These shortages did little to halt the pace of construction, but did lead to consequences just now becoming apparent. To alleviate a dearth in gypsum wallboard supply, builders turned to alternative sources. It’s estimated that 100,000 homes in twenty states were built with toxic wallboard imported from China which must be replaced (I’ll cover this issue in a follow-up post). According to National Underwriter, an insurance industry publication, rectifying the situation could cost $15 to $25 billion – which includes material exchange, legal fees, and health impacts.

What will happen when natural resource supply cannot keep pace with demand? Or worse, when supply is dramatically reduced or extinguished? As mentioned in the previous blog post, if a resource becomes too scarce and expensive, incentive is created to seek abundant alternatives. But what happens when the alternatives are toxic, like the Chinese gypsum wallboard? What if the most abundant replacements are worse than the original material or product being substituted? These conditions may have been coincidence, once in a lifetime, and/or unlikely to repeat. But they demonstrate how sensitive and vulnerable the construction industry is to resource supply changes. Attempts to adapt were slow and, in some cases, dangerous.

In the US, natural resources have expired in the past. The American chestnut was at one time a very important timber species. It was a plentiful hardwood that grew faster than oak, was straight-grained, and highly resistant to decay. Early in the 1900s, the species was decimated when a fast-acting airborne bark fungus known as chestnut blight was accidentally introduced. Asian chestnut trees, which have evolved to be less susceptible to the blight, were imported to the Bronx Zoo carrying the fungus. Spreading at a rate of fifty miles each year, along with panic harvesting that may have accelerated the destruction, the blight wiped out a valuable timber product in fifty years. It’s estimated more than three billion trees were lost.

Today, no new American chestnut is available. There are less than one hundred adult trees remaining in its historical range, and another one thousand in parts of the country outside the historical range where the blight was less virulent. The wood was very versatile and often used to construct barns throughout Appalachia. Butternut, ash, and American elm are also at risk due to similar problems. Throughout the world, other timber species are endangered, threatened, or vulnerable, with names we’re probably all familiar with – African mahogany, teak, Brazilian cherry, wenge, redwood, western red cedar, cherry, and many more. There are dozens more not typically used in US building construction. I list all these examples to show how quickly natural events can occur to wipe out valuable resources. One hundred years later, the US population is three times what it was. Significantly greater demand on wood products combined with a natural calamity and far more aggressive harvesting practices means the US timber industry is at greater risk of rapid collapse.

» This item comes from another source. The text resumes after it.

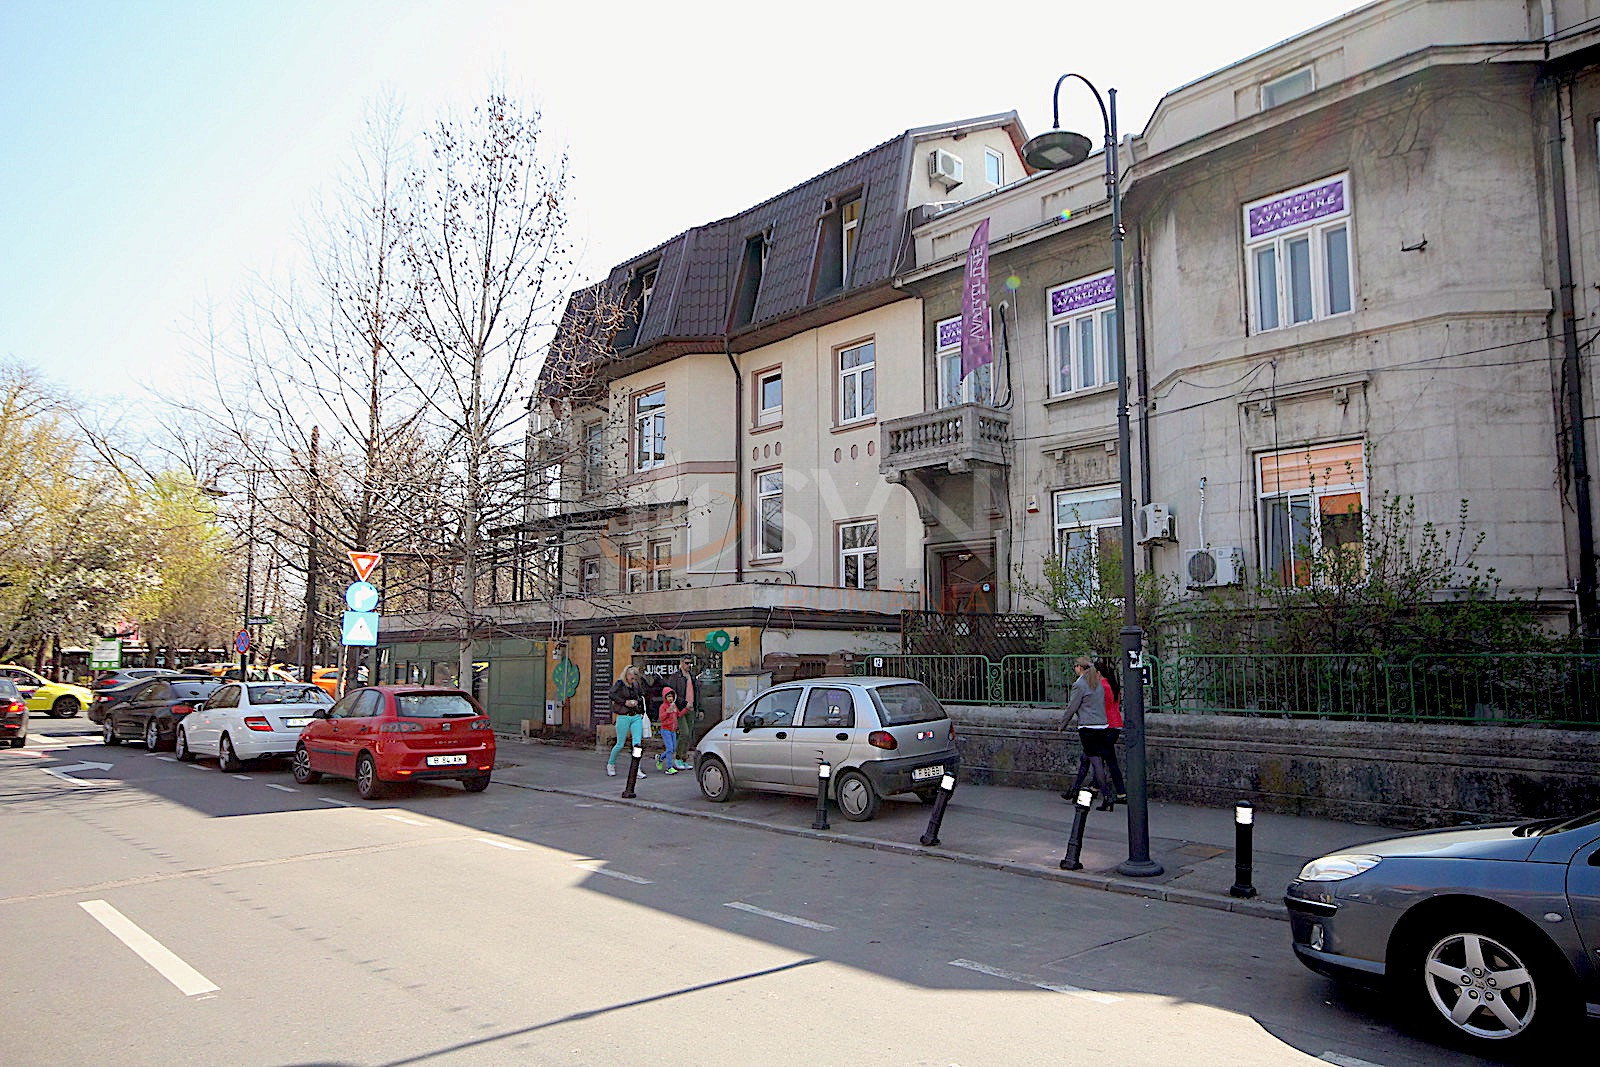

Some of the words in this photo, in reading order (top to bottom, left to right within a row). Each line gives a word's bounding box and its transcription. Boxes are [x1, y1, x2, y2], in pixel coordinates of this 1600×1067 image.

Large scale drastic and permanent resource shortage is unlikely to occur in our lifetimes, but that’s no reason to discount preservation strategies which prolong access to and ensure stable supply of natural capital. Sustainable age design must consider two components when addressing resource preservation – extraction and waste. I’ll deal with waste issues in a later post. Extraction, as the word implies, is the removal of raw material from the environment and conversion into useful human purpose. There are two resource classifications for those extracted – renewable and non-renewable. Renewable resources are those where supply is continually replenished through natural processes – such as wood, water, and other plant life. Non-renewable resources have limited supply, were created through massive ancient geological processes, and no new supply is being generated – such as steel, oil, and stone.

Carefully determining material selection criterion and defining your own vetting process are two critical steps in crafting a resource preservation strategy. At thread collaborative we’ve spent the last six years honing our specification system and we’re pretty confident it helps us make intelligent sustainable material selections. We categorize sustainable building products in six groups – those that can be reused with minimal refurbishing, those that have been reclaimed and repurposed, those with a high percentage of recycled content, those made with rapidly renewable resources, those that reduce virgin source depletion, and those that rethink existing products or employ new technologies.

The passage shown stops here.